Leaf branch compost cutinase is a versatile enzyme that can break down both natural plant polymers and synthetic plastics.^[1][2] It was discovered in a compost heap, and it originally evolved to degrade cutin, the protective biopolymer in plant surfaces.^[3][4] LCC has also shown high efficiency in hydrolyzing polyethylene terephthalate (PET), which is a widely used plastic that contributes to pollution. Unlike many other PET-degrading enzymes, LCC is thermostable and has a high catalytic efficiency, which means it can function at temperatures that are optimal for industrial recycling processes.^[5][6] By breaking PET into its monomers, LCC promotes closed-loop recycling of plastic waste and reduces environmental accumulation.^[2]

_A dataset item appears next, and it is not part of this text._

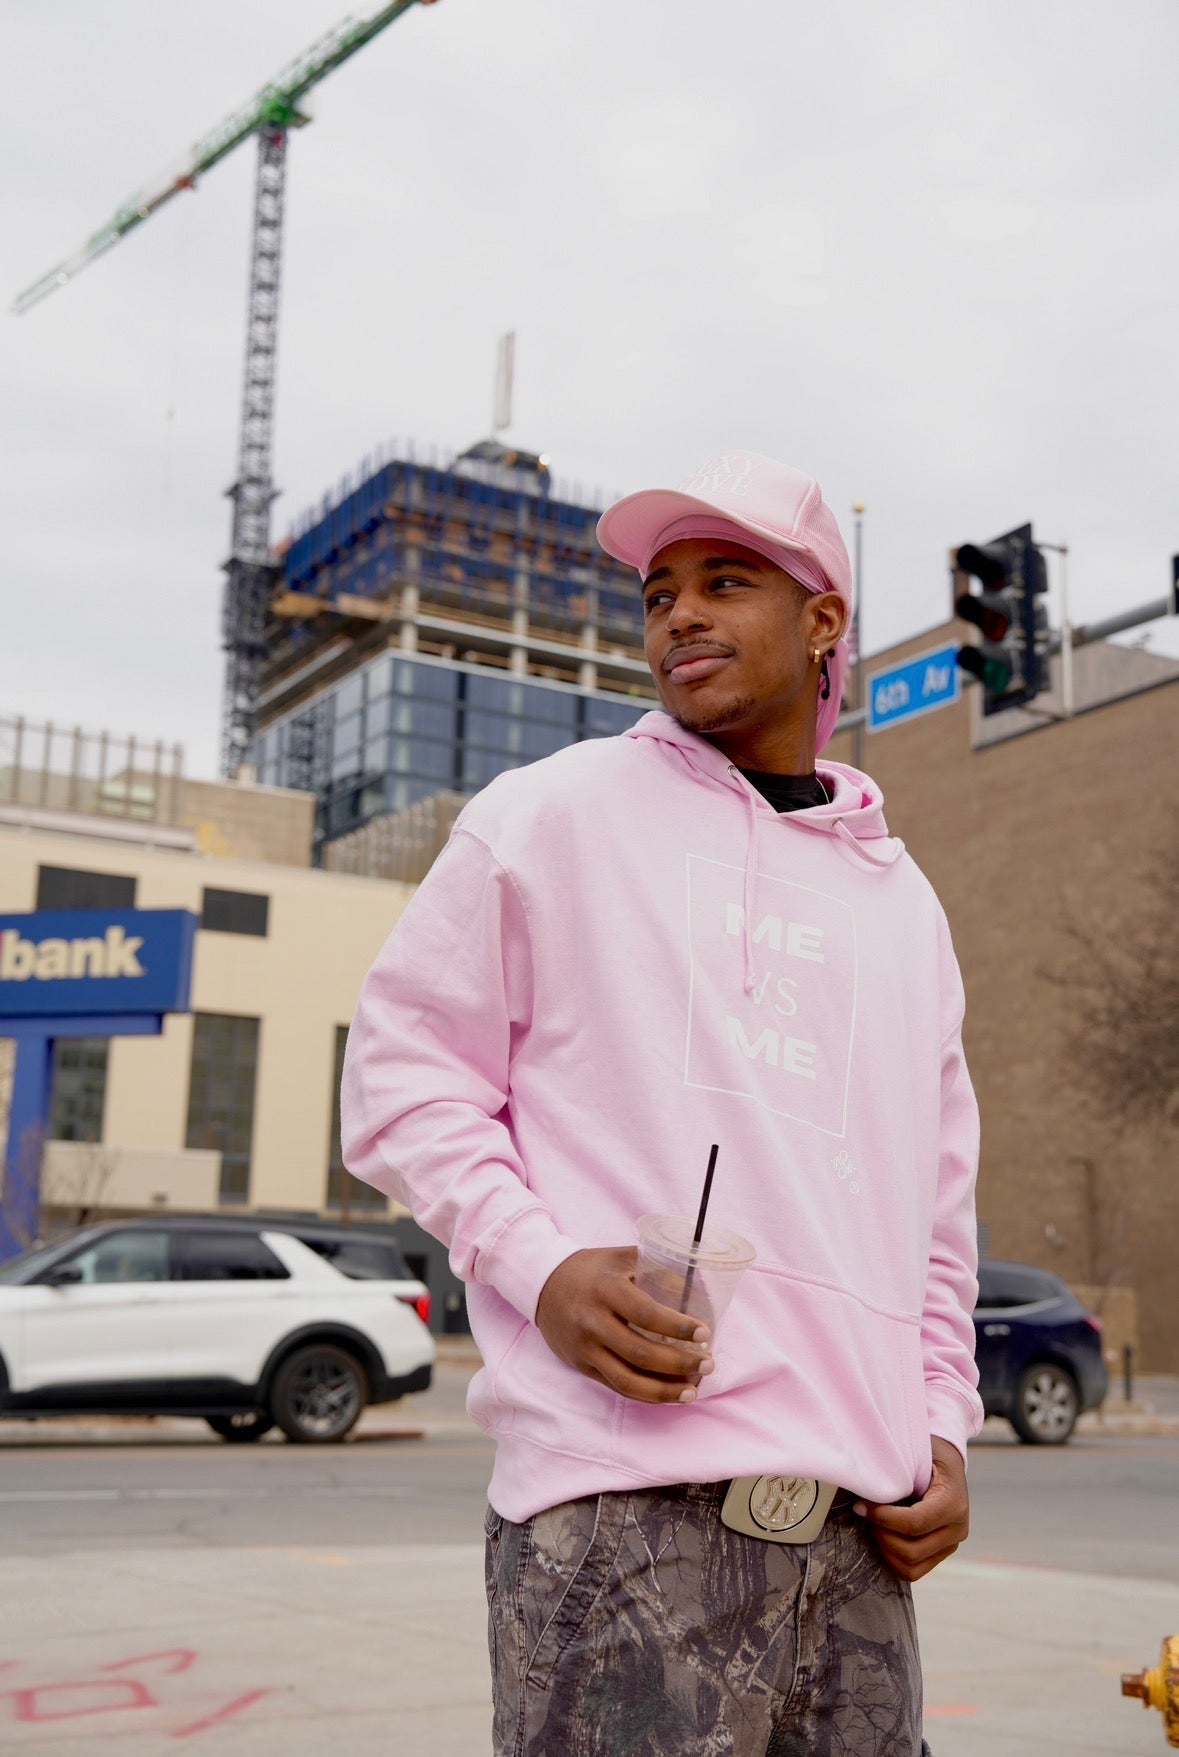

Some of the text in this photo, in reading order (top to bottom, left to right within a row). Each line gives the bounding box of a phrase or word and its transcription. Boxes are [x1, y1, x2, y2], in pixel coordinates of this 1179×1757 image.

4EB0 is the primary PDB file used throughout this page. The model substrate is 2-HE(MHET)₃, a trimer of MHET (mono-(2-hydroxy-ethyl) terephthalate). MHET is an intermediate in PET depolymerization.^[7][1]

Function

LCC catalyzes the hydrolysis of the ester bonds in polymers of PET and breaks them down into their constituent monomers: terephthalic acid and ethylene glycol.^[1] The enzyme operates through a catalytic triad that consists of S165, D210, and H242. Using these residues, LCC can perform nucleophilic attacks on the carbonyl carbon atoms of the ester bonds in PET. During catalysis, the substrate binds in an elongated, predominantly hydrophobic groove present in the enzyme's structure.^[2]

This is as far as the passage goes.